The Financial Services Commission (FSC) finalized the reform plan Monday at a joint meeting with the Bank of Korea (BOK) and the Financial Supervisory Service (FSS), marking one of the most comprehensive changes to the country’s rate-setting framework in decades.
At the center of the reform is the transition to the Korea Overnight Financing Repo Rate (KOFR), a risk-free benchmark based on actual overnight repo transactions backed by government securities. Unlike existing quote-based rates, KOFR is calculated from real trades, making it more transparent and resistant to manipulation.
The move reflects lessons from the 2012 global LIBOR scandal, when major banks were found to have manipulated benchmark rates used to price trillions of dollars in loans and derivatives.
South Korean authorities see structural similarities in their own system, where the Korea Interbank Offered Rate (KORIBOR) is also based on bank-submitted quotes rather than transactions.
“If we remain complacent with familiar practices, it could eventually lead to financial accidents,” FSC Vice Chairman Kwon Dae-young said, stressing that maintaining trust in benchmark rates is a core responsibility of the financial sector.
Under the plan, banks will in principle stop issuing new KORIBOR-based loans starting in April 2027. Existing loans will remain valid until maturity, but borrowers will be encouraged to switch to alternative benchmarks such as COFIX or bank bond rates when renewing contracts.
The CD rate, another widely used benchmark, will also be gradually phased out. Authorities plan to remove its designation as a “key benchmark” under relevant law by the end of 2030, signaling a clear shift away from legacy pricing standards.
Both KORIBOR and CD rates have been criticized for relying on limited or non-transactional data, making them vulnerable to distortions and declining in relevance as market structures evolve.
The government aims to establish KOFR as the core benchmark across financial markets, from derivatives to bonds and lending.

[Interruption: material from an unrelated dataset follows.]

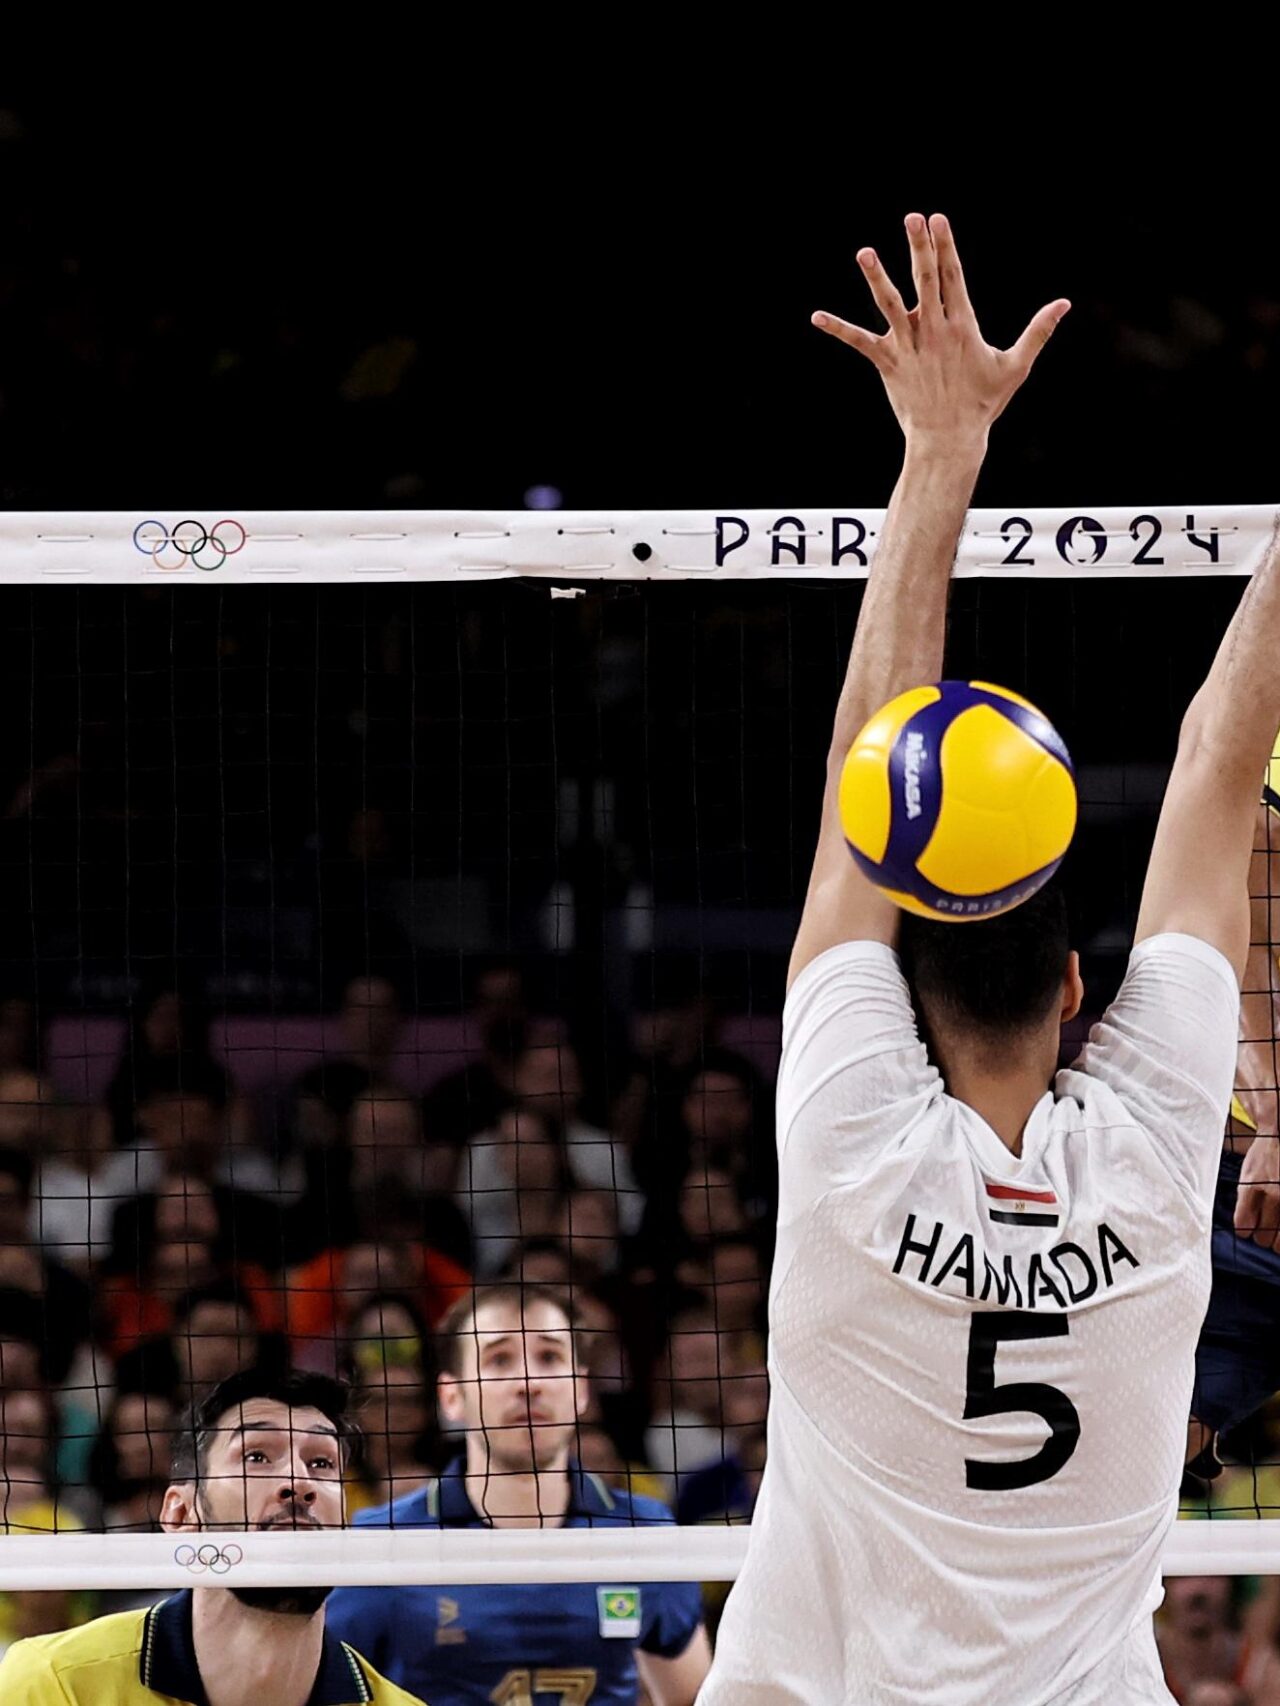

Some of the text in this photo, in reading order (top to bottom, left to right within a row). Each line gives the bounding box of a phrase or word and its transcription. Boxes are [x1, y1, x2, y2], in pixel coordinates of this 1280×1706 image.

[715, 514, 1219, 567] PAR 2024
[892, 1213, 1140, 1309] HAMADA
[962, 1310, 1081, 1491] 5

To accelerate adoption, authorities raised the target share of KOFR-based transactions in the Overnight Index Swap (OIS) market to 70 percent by 2030, up from the previous 50 percent goal. In the floating-rate note (FRN) market, banks will aim to issue 50 percent of new products based on KOFR by mid-2031.
Policy lenders such as Korea Development Bank and Industrial Bank of Korea will lead the transition by launching a combined 1 trillion won ($730 million) in KOFR-linked loan products in the second half of this year.
Authorities also plan to provide incentives, including incorporating KOFR-based activity into central bank operations assessments, to encourage faster market adoption.
Officials framed the reform as a preemptive move to strengthen financial infrastructure before risks materialize.
Benchmark rates serve as the backbone of financial markets, underpinning loans, bonds and derivatives. When their credibility is compromised, the impact can spread quickly across the entire system, ultimately affecting consumers.
The reform also comes amid heightened market volatility linked to geopolitical tensions, reinforcing the urgency of building a more resilient and globally aligned rate system.
BOK Deputy Governor Park Jong-woo described the clear timeline for phasing out legacy benchmarks as “a significant milestone” in aligning Korea’s financial markets with global standards.
While the transition is expected to take several years, authorities signaled that this marks the beginning — not the end — of broader efforts to modernize Korea’s financial infrastructure.